# Setting trusses



## Bifferman (Jul 7, 2006)

I was wondering if someone could give me some input. I have a remodeling project that I am going to span 24'. The front of the addition is set back 2' from the front of the existing house. The rear part is going to be matched up to the existing back portion of the house. With the wall matched up and plumb the top of the plates measure 23'11" at one side and 23'10 1/2" on the other side. The trusses will be run paralell to the existing ridge. What is the best way to place the trusses so the ends come out close to even??

Thanks for your help


----------



## IHI (Dec 25, 2004)

Bifferman said:


> I was wondering if someone could give me some input. I have a remodeling project that I am going to span 24'. The front of the addition is set back 2' from the front of the existing house.

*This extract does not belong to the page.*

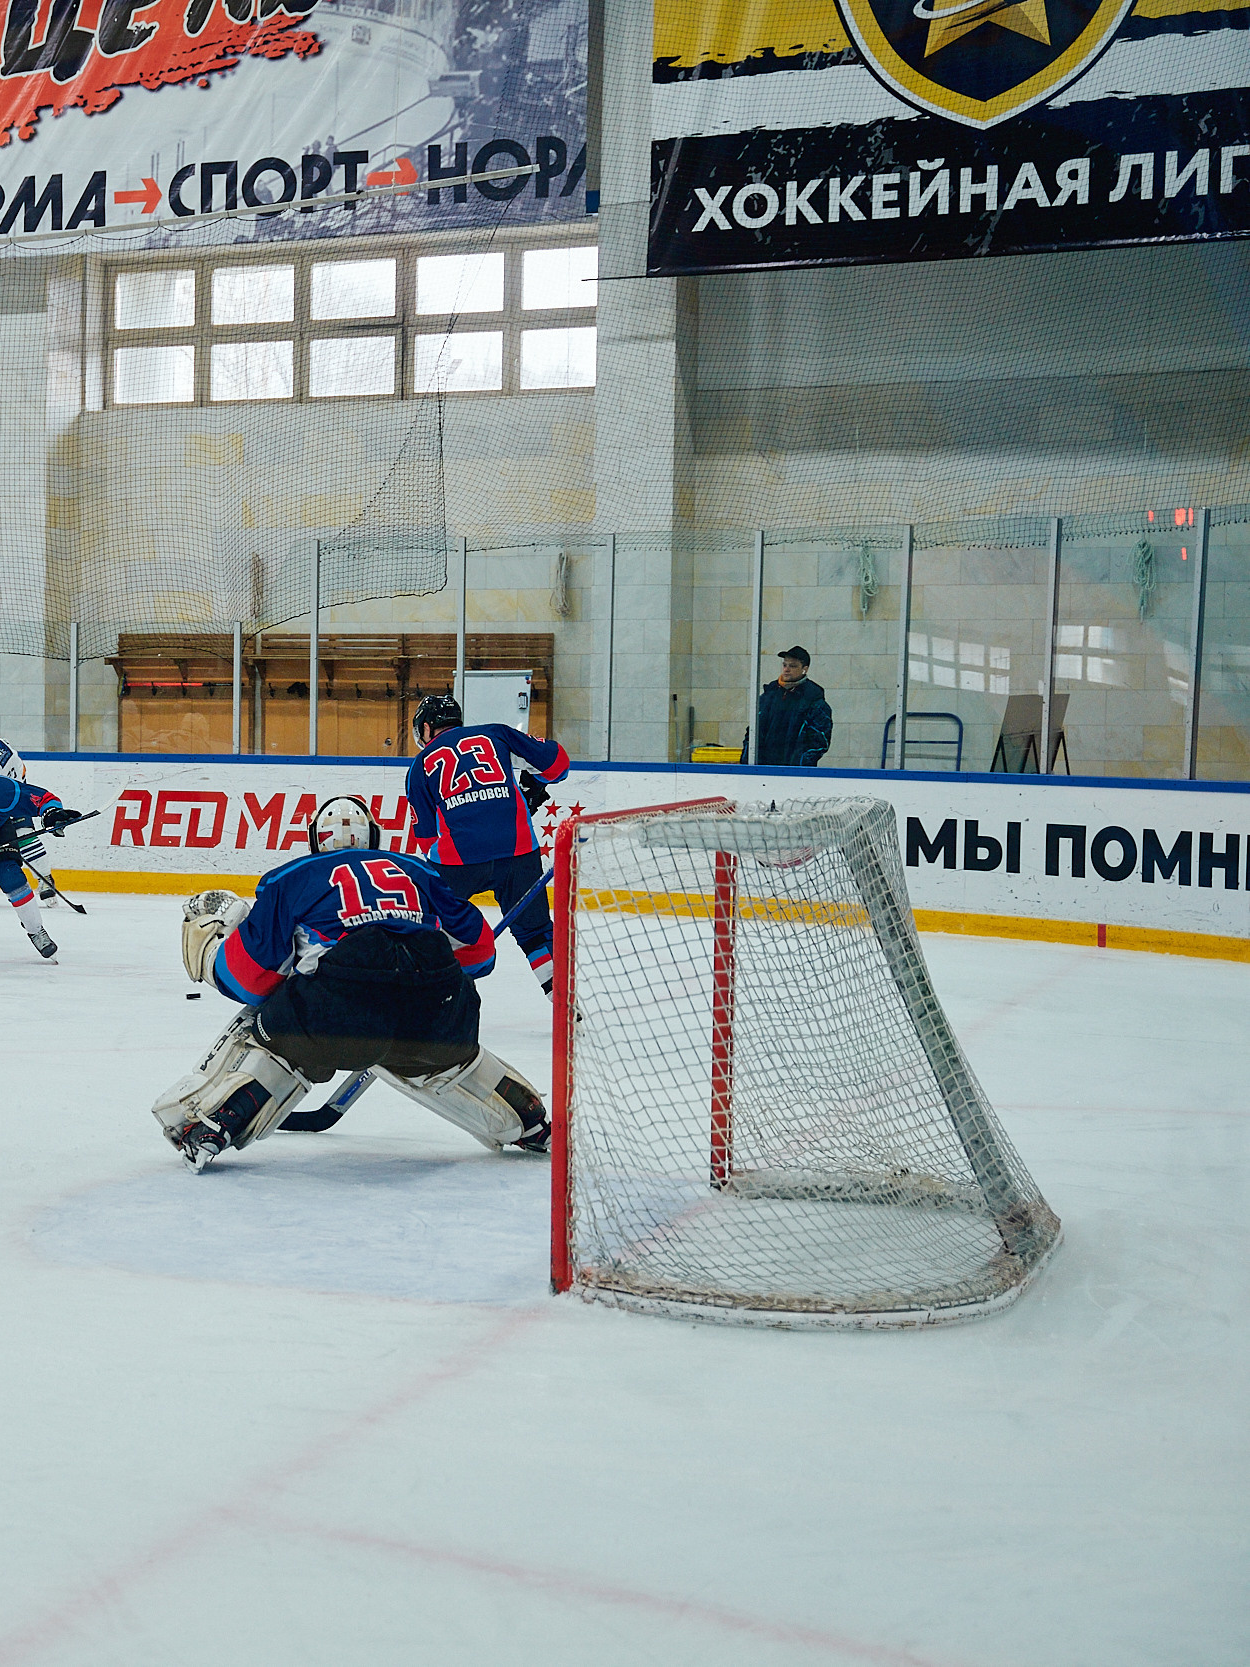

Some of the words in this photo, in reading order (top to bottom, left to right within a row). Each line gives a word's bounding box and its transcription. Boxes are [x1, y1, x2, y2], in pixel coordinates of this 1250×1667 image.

The rear part is going to be matched up to the existing back portion of the house. With the wall matched up and plumb the top of the plates measure 23'11" at one side and 23'10 1/2" on the other side. The trusses will be run paralell to the existing ridge. What is the best way to place the trusses so the ends come out close to even??
> 
> Thanks for your help


LOL, if I'm reading this right your fretting 1/2" in a almost 24' span??? given the number of trusses you'll be setting pull a 1/16" out of the short side per truss till your evened up, or take it out in the last few and just lose/gain a 1/4", you'll be cutting the sheeting anyways so it's not biggie. Maybe I'm missing the visual and mis understanding??


----------



## AtlanticWBConst (Mar 29, 2006)

By the sounds of the original question....I took it the same way you did.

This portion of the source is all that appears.